Follow up to Notes on Anti-Structure with some excerpts from old articles.
*Pre-modern societies permitted these breaks from “profane, ordinary” life and served as “kairotic knots,” reminding the public that “chronos” (temporal or secular time) is perforated by sacred time. These communal gatherings like Carnival or saint feasts put the “natural” in tension with the “supernatural” forces and serve to unify people across social statuses. Taylor argues that events like Princess Di’s funeral, rock concerts, or the Olympics that garner the world’s attention are secular counterparts to these moments of anti-structure, which contain muted vestiges of cosmic symbolism.

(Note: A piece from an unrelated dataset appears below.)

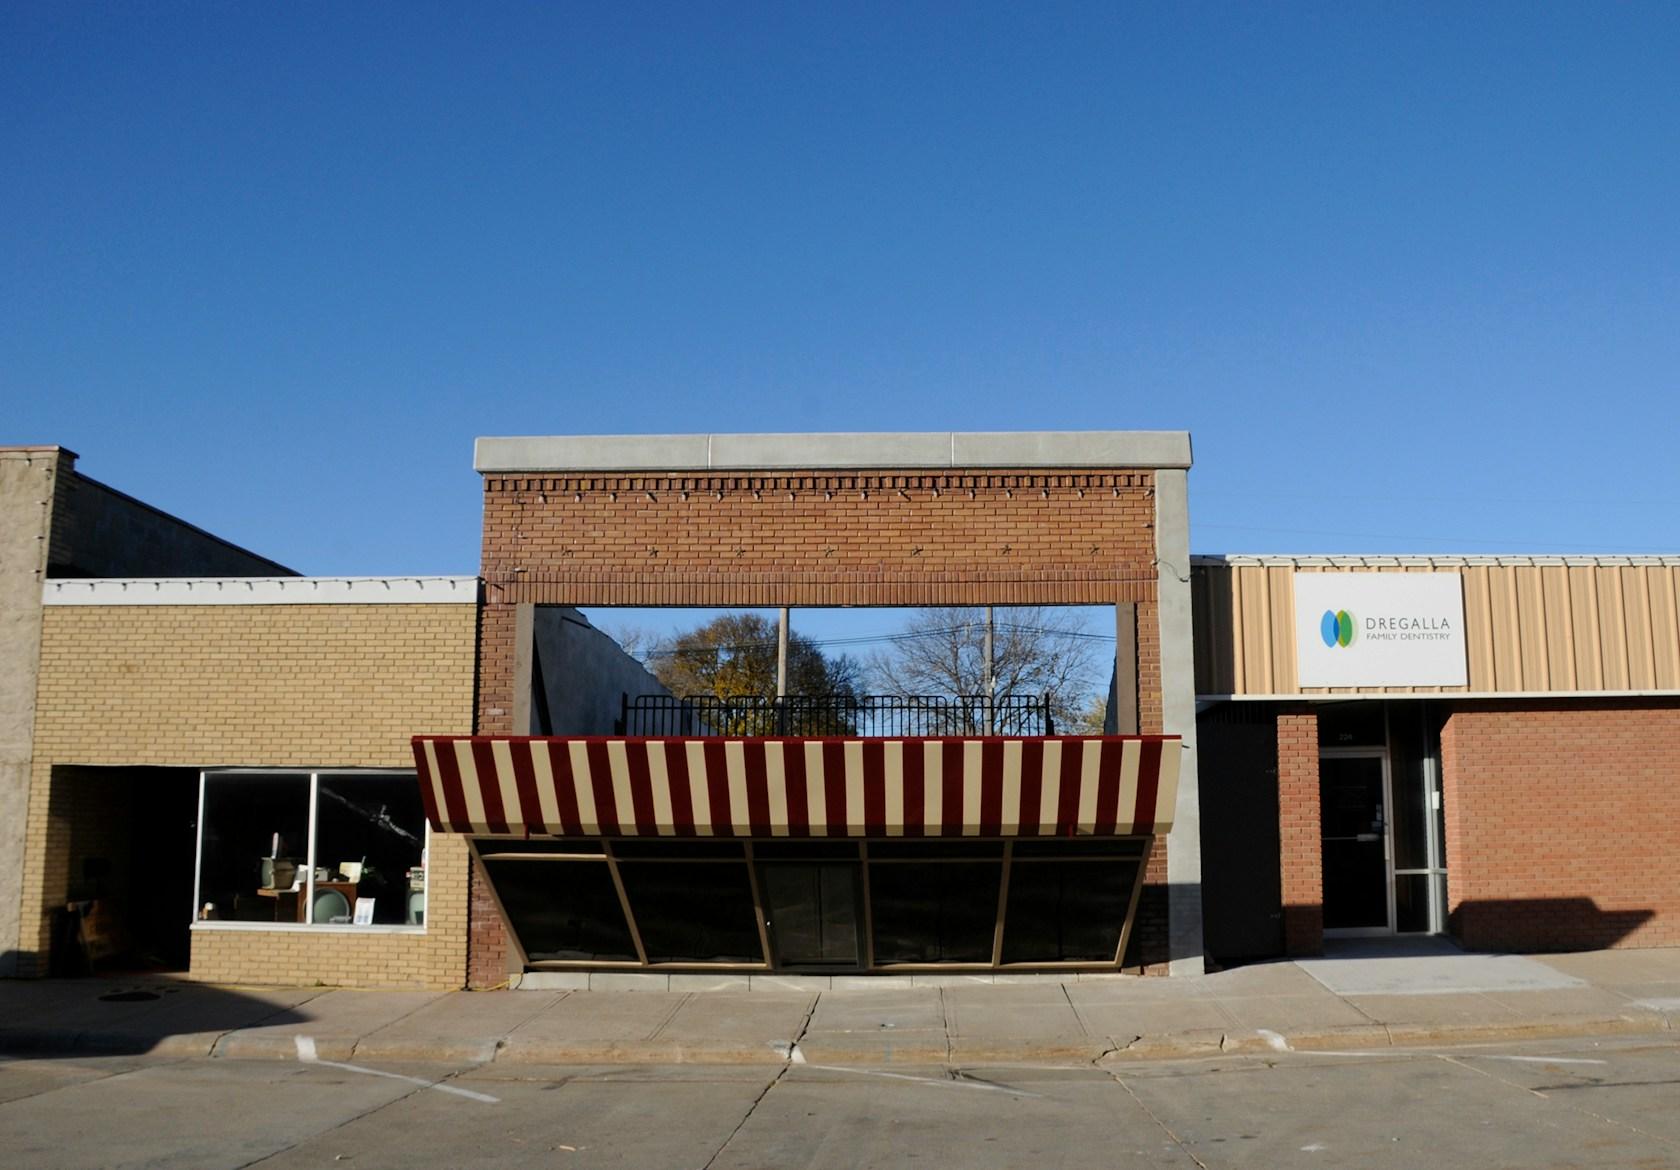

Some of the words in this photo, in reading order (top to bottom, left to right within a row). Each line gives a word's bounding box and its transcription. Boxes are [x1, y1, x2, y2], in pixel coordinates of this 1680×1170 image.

[1366, 617, 1451, 630] DREGALLA
[1366, 633, 1398, 641] FAMILY
[1400, 633, 1451, 641] DENTISTRY

In the past, events like the royal funeral and the World Cup might have pointed more explicitly to something transcendent in our midst. But the signs embedded in such symbolic moments are quickly collapsed into the atomizing vacuum of global homogenization at the hands of corporate, technocratic elites. Rather than recognizing and actively upholding the transformative capacity of events like the World Cup, most of us will slip back into living our humdrum lives…the momentary feeling of transcendence it provided us dissipating into the flatness of our hollow daily existence. Were we to take a step back and look more closely, we would see that events like the World Cup are pregnant with cosmic forces that have the power to uplift and imbue a deeper meaning on our everyday routines.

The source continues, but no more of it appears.